No more parties every other day

It seems unbelievable, but it’s not. I gradually got tired of being tired. Spending the night with a couple of quality people turns out to be a lot more fun than going out in fancy clubs (from where it took 3 hours to get back home, because I wasn’t lucky enough to enjoy the perks of night tube in my first year) and realizing that this lifestyle is just too expensive and not as fun if it becomes a habit. I decided to go out when it’s really worth it and for the rest of the time treat myself with nice, chill evenings with the people that matter- and some Drapers from time to time.

I started to consider what I want to be when I grow up, besides happy

First year was incredibly fun, with all of its chaotic moments and constant freshers’ events, the only thing I had to stress about was how to make friends and how to get good grades at the same time. Now, however, life confronts me with the ultimate question “What do I want to be?”. The stress is off the charts with this one; it requires a thorough research, probably more than 3rd years do for their dissertation.
As an Economics student it’s really hard, since everyone expects us to become investment bankers (a.k.a to give up on our lives the moment we graduate). I want something else for myself, I want adventure, travel, human interaction, pressure and space to evolve- believe me, finding the job to give you all of this is hard. Internships are, apparently, the key to figuring yourself out, so now I’m in the crazy process of applying all over, in the hope that my path will be enlightened.

Friends come and even more friends go

I left home, came to uni, met many new people, found friends, everything went smoothly.
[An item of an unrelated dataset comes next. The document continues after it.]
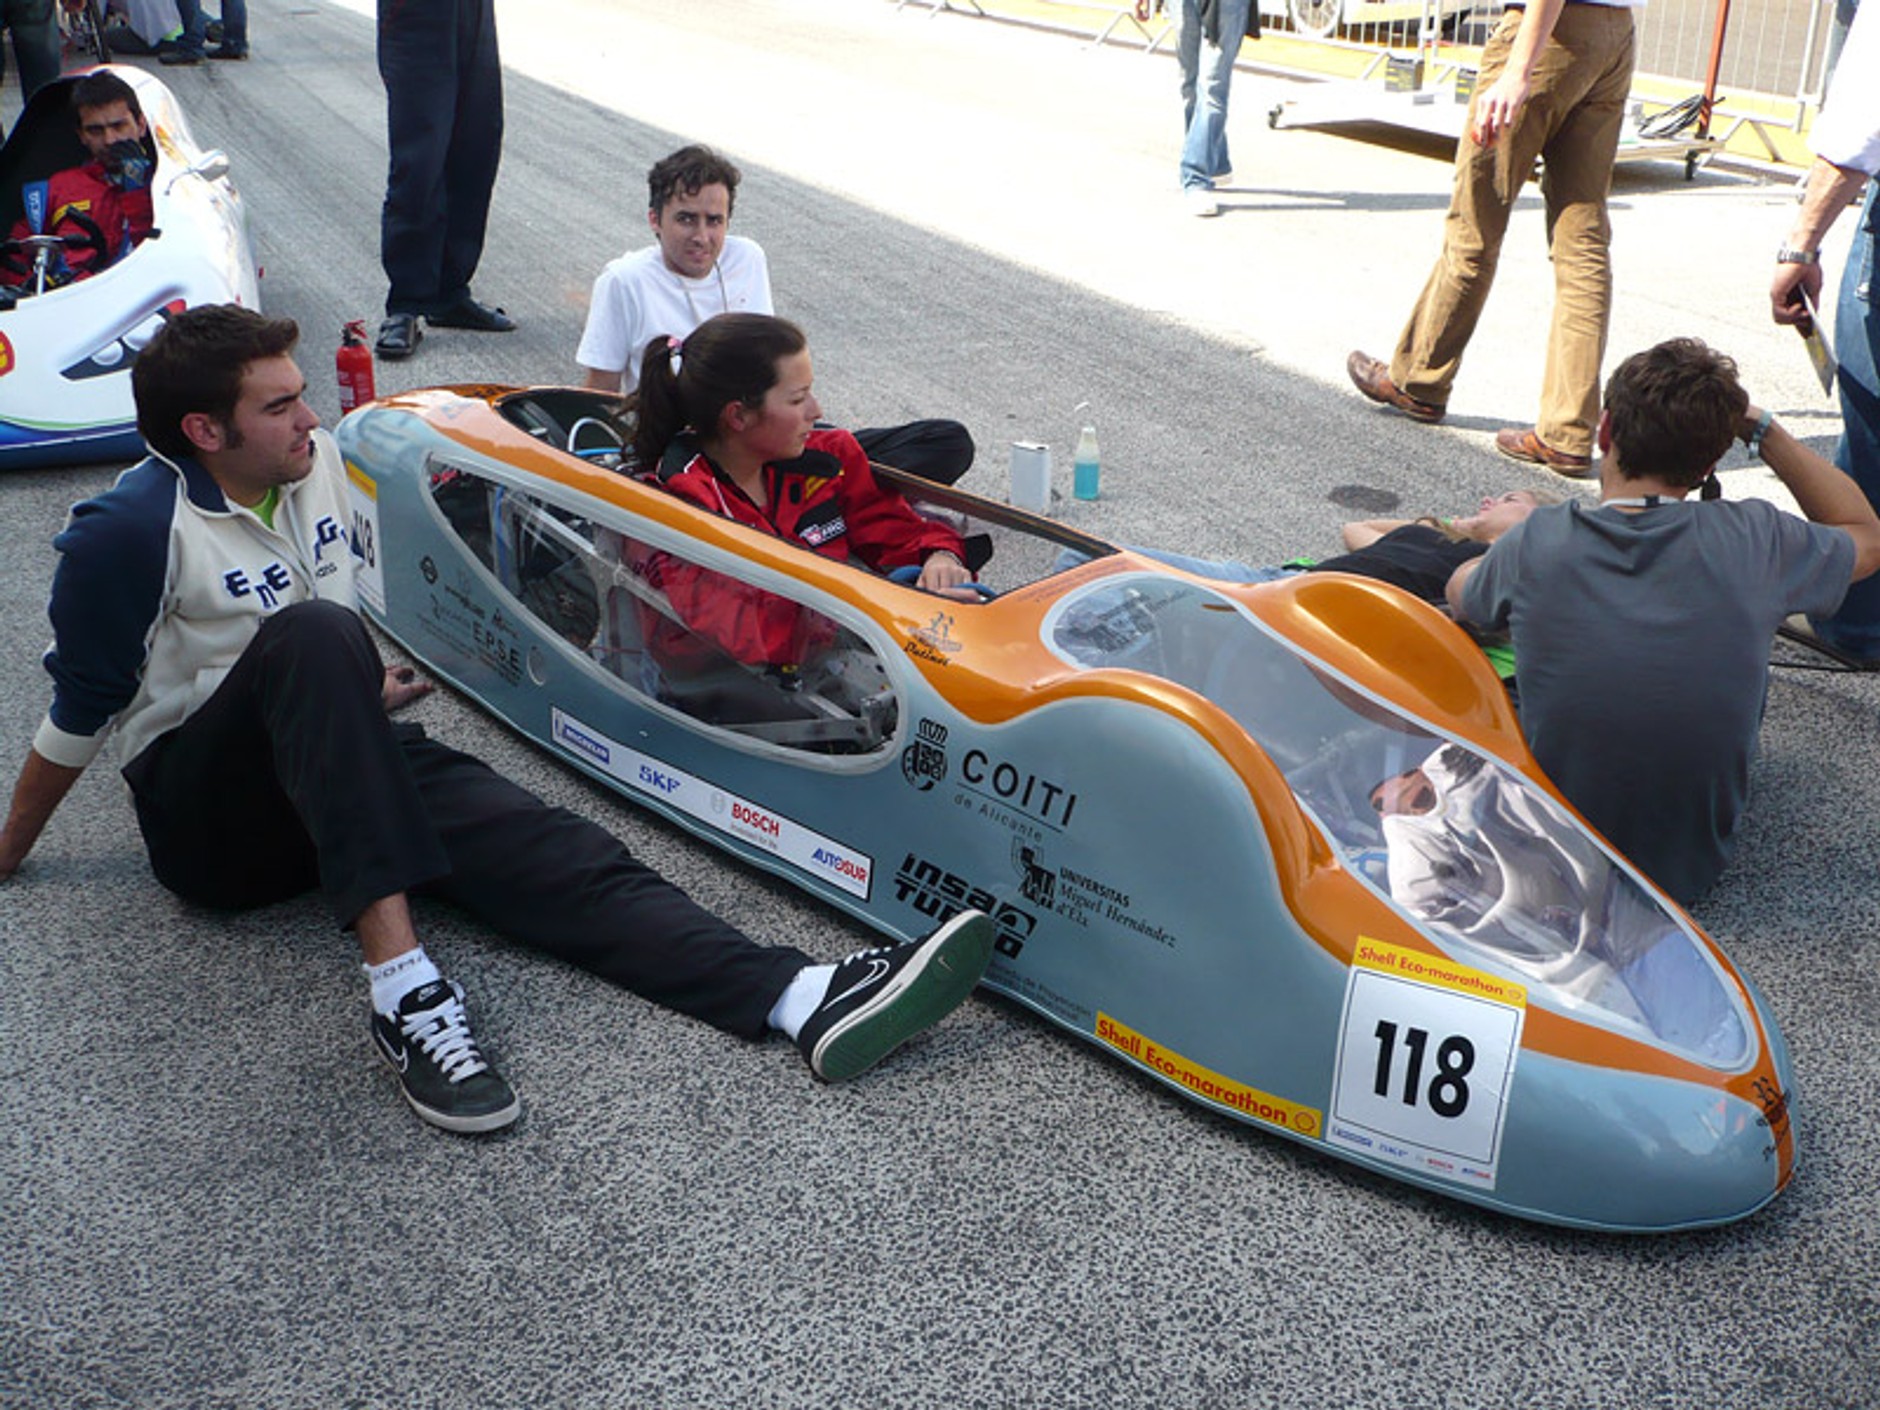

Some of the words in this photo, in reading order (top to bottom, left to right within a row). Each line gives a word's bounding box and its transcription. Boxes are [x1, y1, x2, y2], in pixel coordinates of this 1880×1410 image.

That’s all first years want-lots of friends and lots of parties (completely fair). As the year went by I started to put things in balance and become aware of what is truly important: having someone to be there for you at 2 am when I am sick and not 20 ‘someones’ to go out with during the night and not talk to during the day. I understood that I need healthy relationships for me to be a healthy person.

First year has been so eventful and filled with memories, but one year is more than enough. It’s time to focus on myself and what makes me grow as a person, because, unfortunately, those late nights in Soho were no help in discovering what it is that makes me an accomplished person.